What's needed is the listing below, repeated word for word with no pictures.

» **RECORDS PROVIDED**:

....

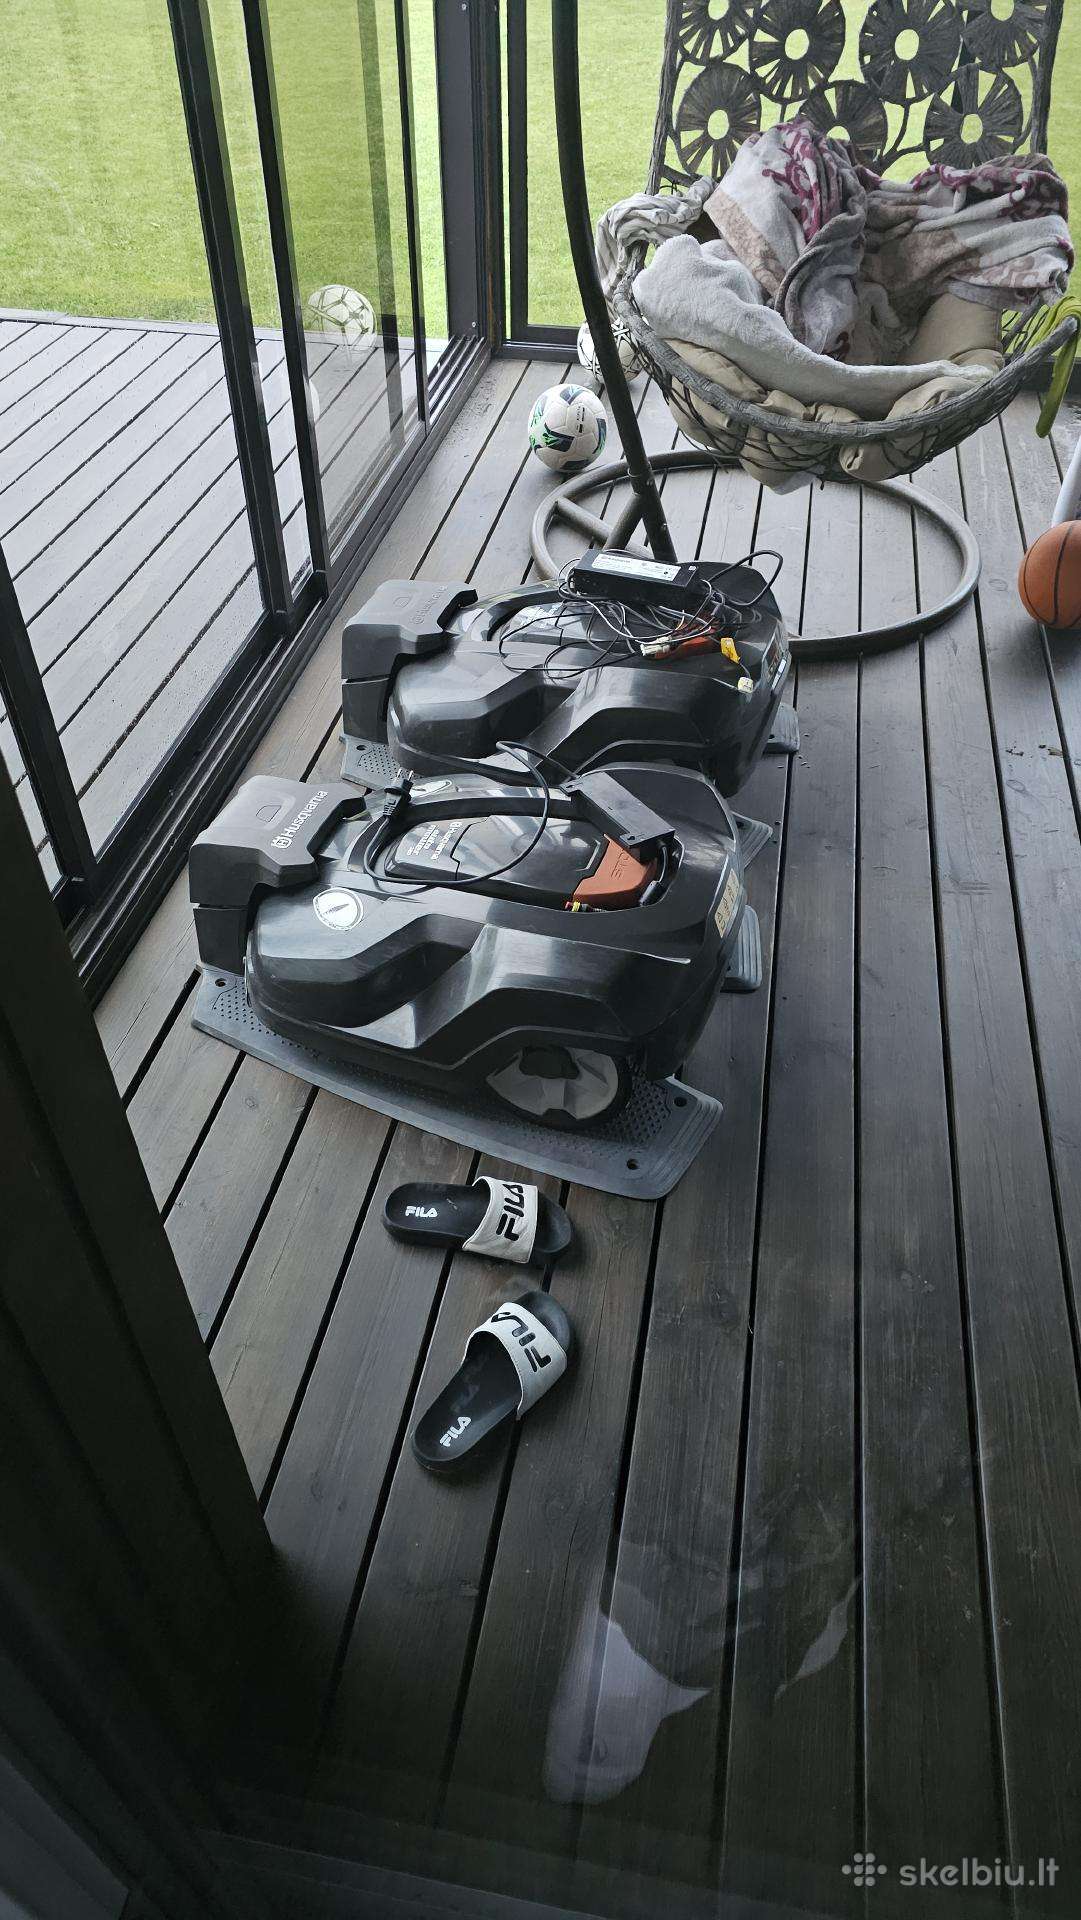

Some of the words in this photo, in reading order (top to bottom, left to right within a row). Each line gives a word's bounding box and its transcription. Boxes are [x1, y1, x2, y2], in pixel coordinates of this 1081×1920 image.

[281, 791, 328, 838] Husqvarna
[405, 1205, 438, 1218] FILA
[496, 1183, 525, 1242] FILA
[490, 1311, 552, 1373] FILA
[439, 1416, 472, 1447] FILA

....

» **TASK RESULT**:
Some of the words in this photo, in reading order (top to bottom, left to right within a row). Each line gives a word's bounding box and its transcription. Boxes are [x1, y1, x2, y2], in pixel coordinates of this 1081×1920 image.

[281, 791, 328, 838] Husqvarna
[405, 1205, 438, 1218] FILA
[496, 1183, 525, 1242] FILA
[490, 1311, 552, 1373] FILA
[439, 1416, 472, 1447] FILA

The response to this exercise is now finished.